Dinner Invitation

For two proud and selfish elders, Sister Knabe became the most beautiful woman in the world.

The fast and testimony meeting was beautiful and touching, and the spirit lingered after the closing prayer, a warm, pure thread that ran between the hearts of members and missionaries, bidding each to remain a moment longer, to converse and to smile.

Elder Bradshaw and his companion came up to me. “Wasn’t that a good meeting, Bruder?” I nodded and we shook hands.

“Isn’t Sister Knabe amazing? That woman has such faith—I can hardly believe it when she bears her testimony.”

The praise of the two missionaries for old and overweight Sister Knabe was a painful tap on the shoulder for me. I had been serving as mission secretary in the Germany Central Mission for six months. I had worshipped on twenty-four consecutive Sabbaths with the Duesseldorf Ward. But never had I taken the time to meet Sister Knabe.

Perhaps my failure to perform this most elementary duty of a missionary can be attributed to a subconscious aversion I felt toward this particular sister. She was extremely heavy, and her face was distorted by sagging cheeks and chins. Her clothes were old and worn as well, and her skin was like pale, corroded leather.

I had admitted to myself that she was a good and faithful sister, for I had heard her speak in testimony meeting almost every month, and I had seen other members cry as she did so. Quite often members of the ward would mention Sister Knabe in the course of bearing their own testimonies.
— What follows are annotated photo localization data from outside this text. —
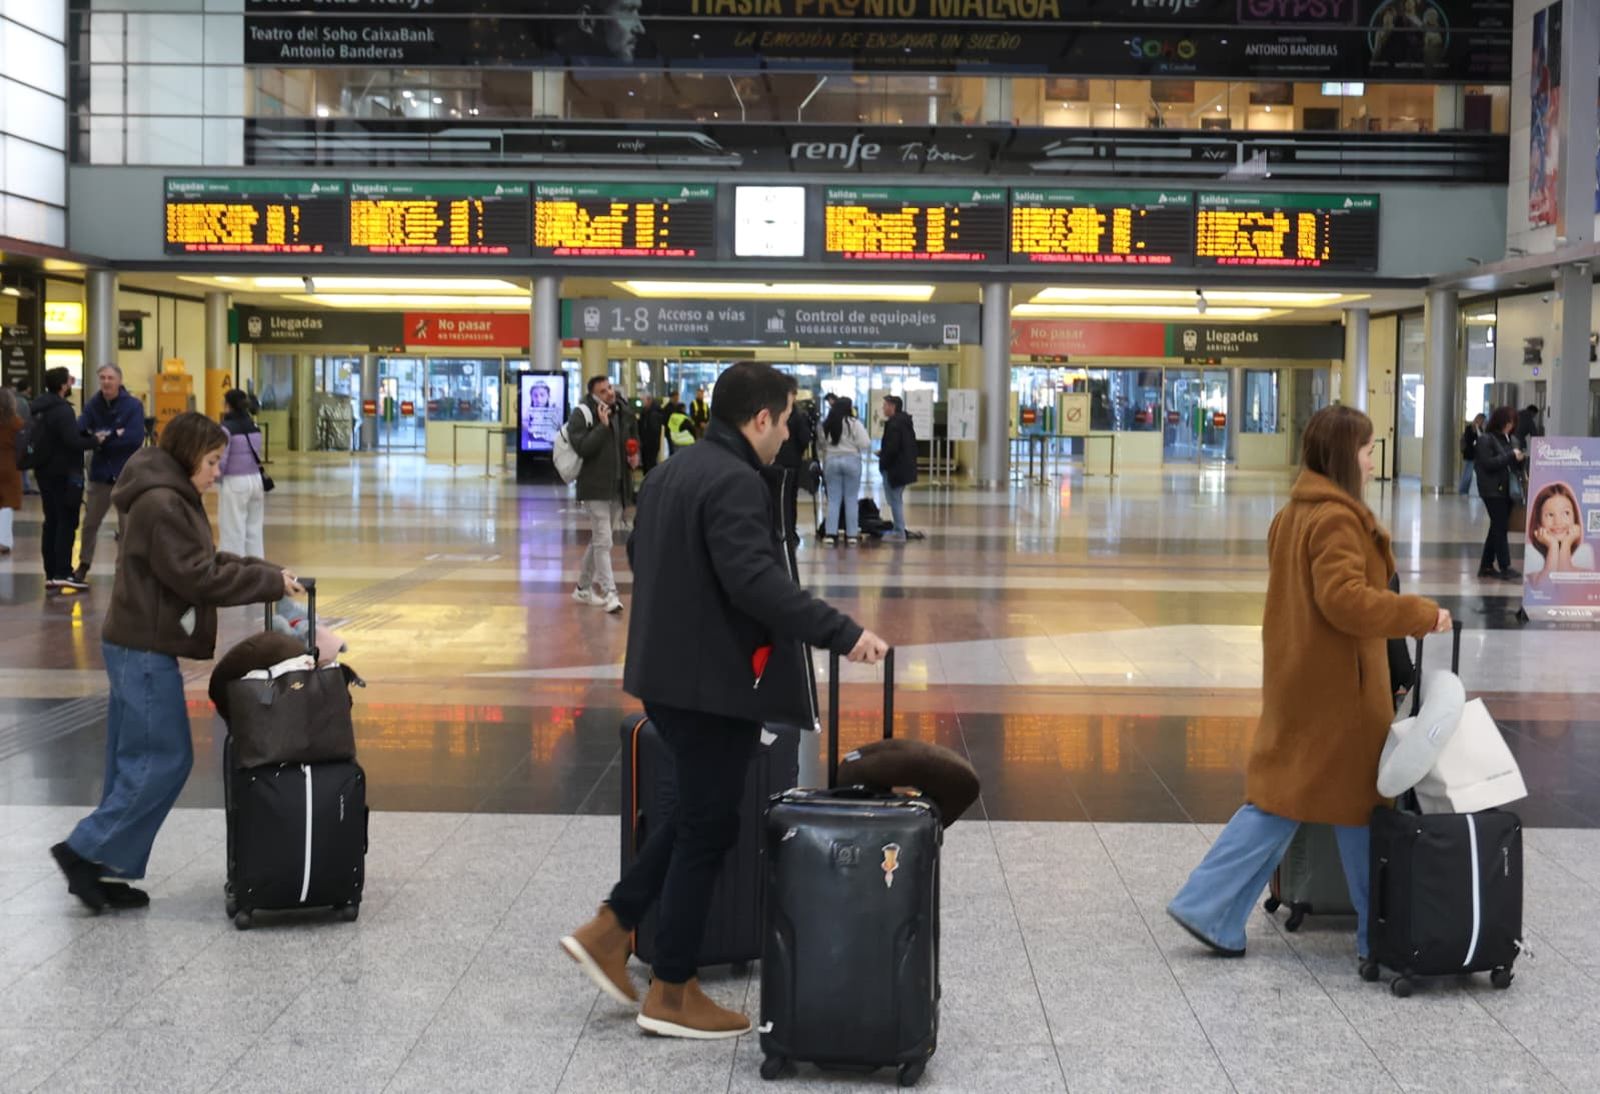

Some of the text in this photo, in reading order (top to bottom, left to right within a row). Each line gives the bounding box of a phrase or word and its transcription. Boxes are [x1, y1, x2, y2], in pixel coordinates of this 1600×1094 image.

[1248, 0, 1344, 17] GYPSY
[250, 26, 434, 42] Teatro del Soho CaixaBank
[838, 32, 863, 48] DE
[941, 33, 962, 49] UN
[967, 32, 1022, 49] SUEÑO
[280, 44, 404, 58] Antonio Banderas
[1245, 44, 1338, 57] ANTONIO BANDERAS
[790, 134, 976, 169] renfe Tu tren
[828, 189, 858, 199] Salidas
[1015, 191, 1044, 201] Salidas
[1200, 195, 1230, 205] Salidas
[611, 306, 649, 332] 1-8
[657, 307, 746, 321] Acceso a vías
[795, 308, 937, 326] Control de equipajes
[270, 316, 323, 331] Llegadas
[438, 318, 492, 333] No pasar
[657, 323, 709, 333] PLATFORMS
[795, 325, 880, 335] LUGGAGE CONTROL
[1030, 327, 1084, 342] No pasar
[1205, 328, 1259, 344] Llegadas
[1206, 344, 1239, 352] ARRIVALS
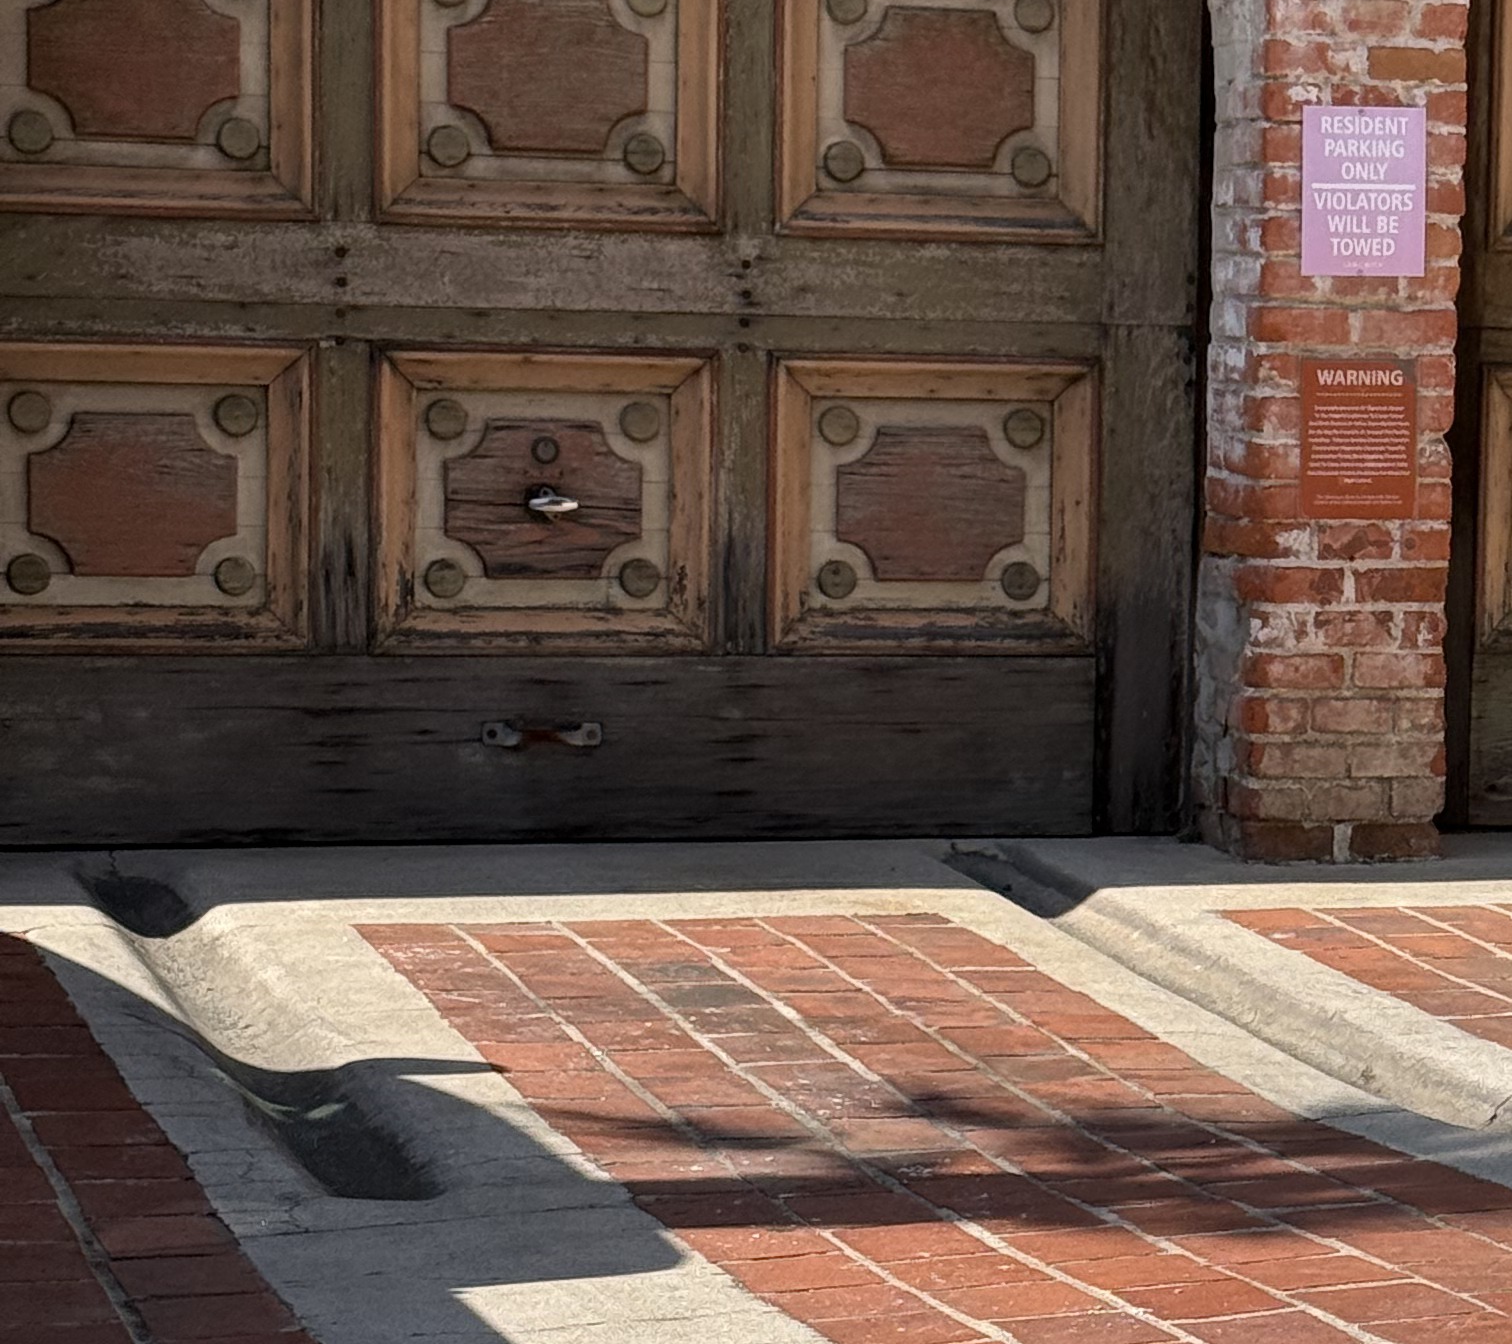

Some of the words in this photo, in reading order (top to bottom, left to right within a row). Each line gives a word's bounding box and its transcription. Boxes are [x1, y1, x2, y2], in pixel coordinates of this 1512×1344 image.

But her high voice, almost baby-like in intonation, combined with her unique mixture of the standard High German and the more colloquial speech of the working classes, made it difficult for me to understand her, and so I really did not listen.

But I resolved this Sunday, perhaps softened by the spirit of the meeting, that I would at least introduce myself. She was standing in the foyer, a few feet from the chapel.
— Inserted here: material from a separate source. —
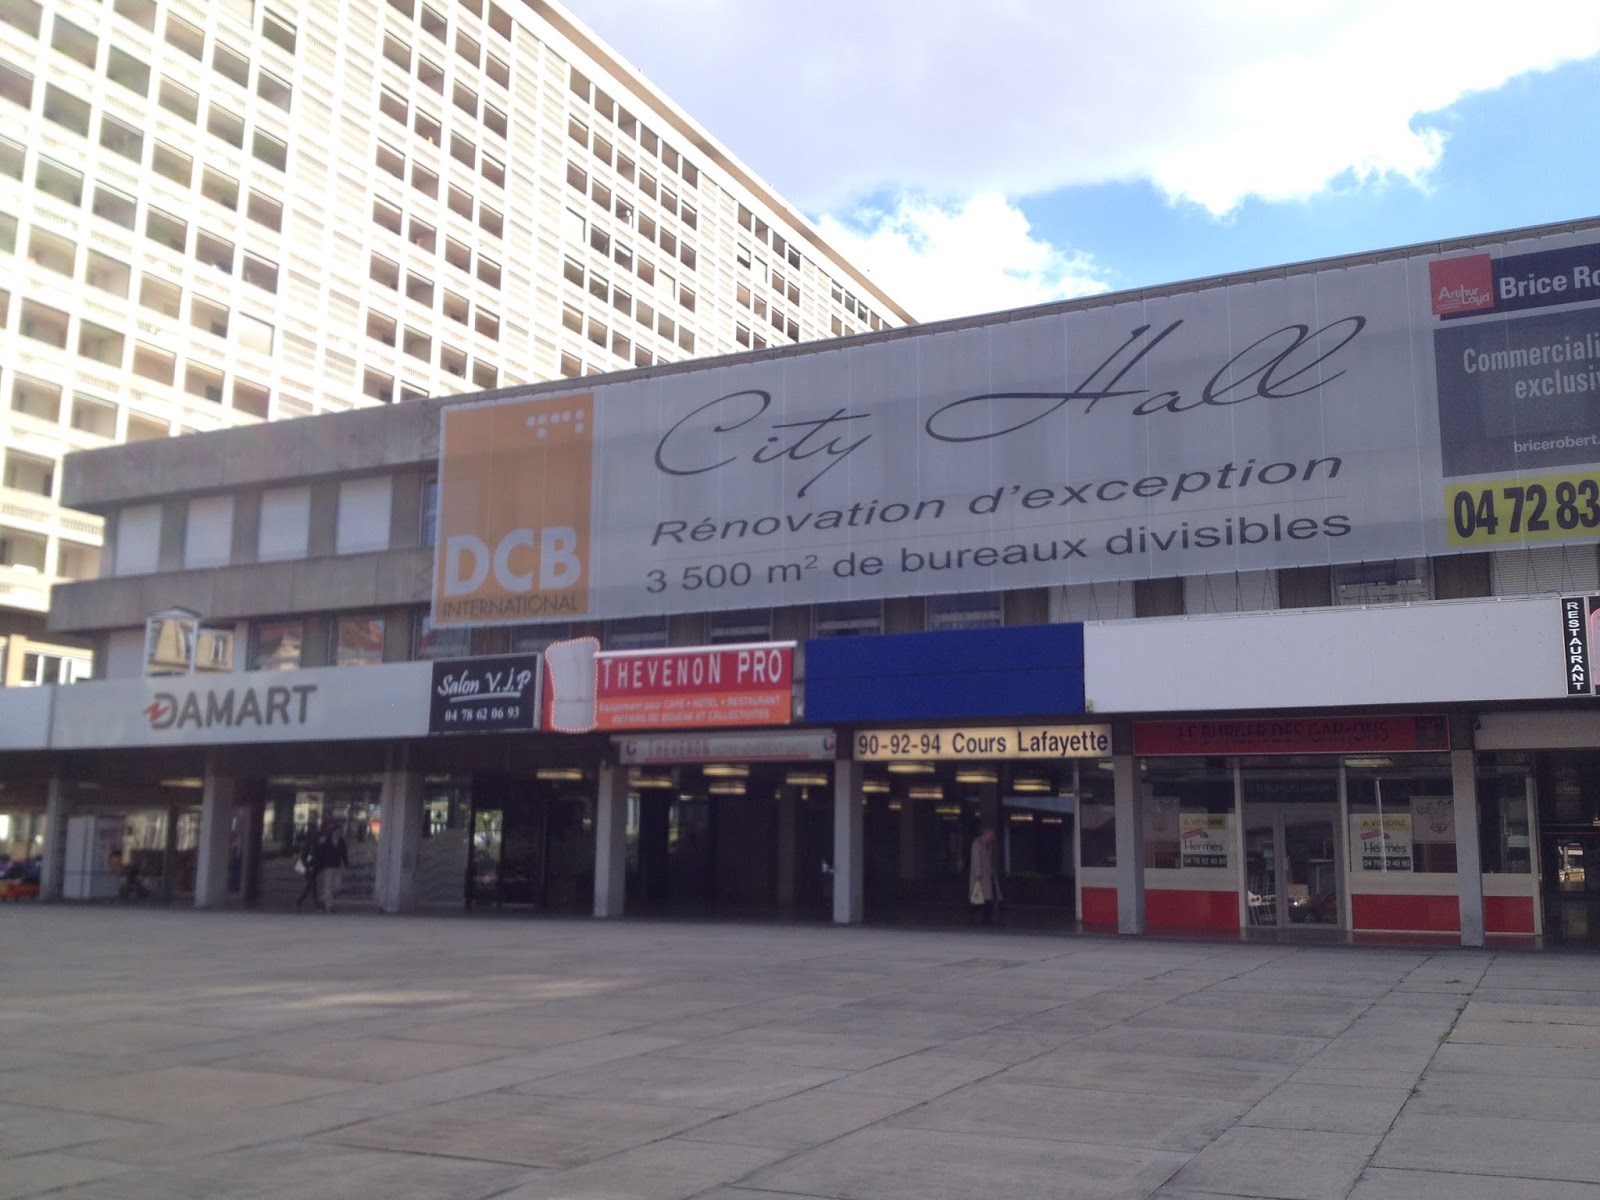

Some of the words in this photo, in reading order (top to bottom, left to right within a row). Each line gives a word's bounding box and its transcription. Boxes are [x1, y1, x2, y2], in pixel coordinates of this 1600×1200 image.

“Guten Morgen, Schwester!” I said, smiling and extending my hand toward her awkwardly.

She took my hand and looked up at me with questioning eyes. Then she smiled—a smile so unsettling in spontaneity and warm in love that I completely relaxed and forgot for the moment what she looked like.

“So you’re Sister Knabe!” I said. A not particularly inspired opening, but it got the conversation started.

“Yes,” she replied. “My, you’re a tall one. I’ve seen you around here a lot—you must be one of them that works in the office over there.”


“Well, I wish I could get to know all the missionaries. They’re all such glorious young men. But they change too fast for me to keep up with them all.”

We talked about the meeting, how good it had been, and she told me about the “wonderful joy” each Sunday brought to her.

“Sometimes it’s hard for me to come,” she said, and again her voice reminded me of a child’s, high-pitched and unaffected, “but the Lord helps me. He has helped me in everything I’ve done since I was just a little child. Isn’t that marvelous? I can hardly express how much I love my Heavenly Father.”

Sister Knabe’s words were not like the polished, eloquent testimonies I was accustomed to hearing. Hers was like the unrestrained joy of a little girl talking about her love for her papa. No matter what I talked about, she talked about her Heavenly Father, the Church she knew was true, and the joy of the gospel.

In the middle of our conversation she suddenly stopped, cocked her head, and looked slowly up at me.

“Say now,” she said, “you work in the mission office. I’m sure you know all the missionaries. Do you by any chance know of two missionaries I could invite to dinner with me next Sunday?”

“Hmmm. I think I can find two,” I said, grinning the unsaid.

The smile she returned was charming. A chubby hand scribbled an address on a scrap of paper, a time was set for the next Sunday, and as we parted the tiny church meeting in the foyer of the Duesseldorf chapel broke up.

The following week after church, Elder McCune and I climbed in the mission’s red Volkswagen bus and drove to Sister Knabe’s apartment. She lived in a rather run-down neighborhood near the center of Duesseldorf, on a cobblestone street that needed repair.

Elder McCune was our mission printer, nearly twenty-five, an ex-Marine who looked it. We had been companions for four months at the time. Our companionship had been a good one, but in the last few weeks the burdens and pressures of working in the office had created tension between us. There had been sharp words, hard hearts, stiffened jaws, and brooding silences. Our slogan at the time might well have been, “Oh, how we mourn, and think our lot is hard.”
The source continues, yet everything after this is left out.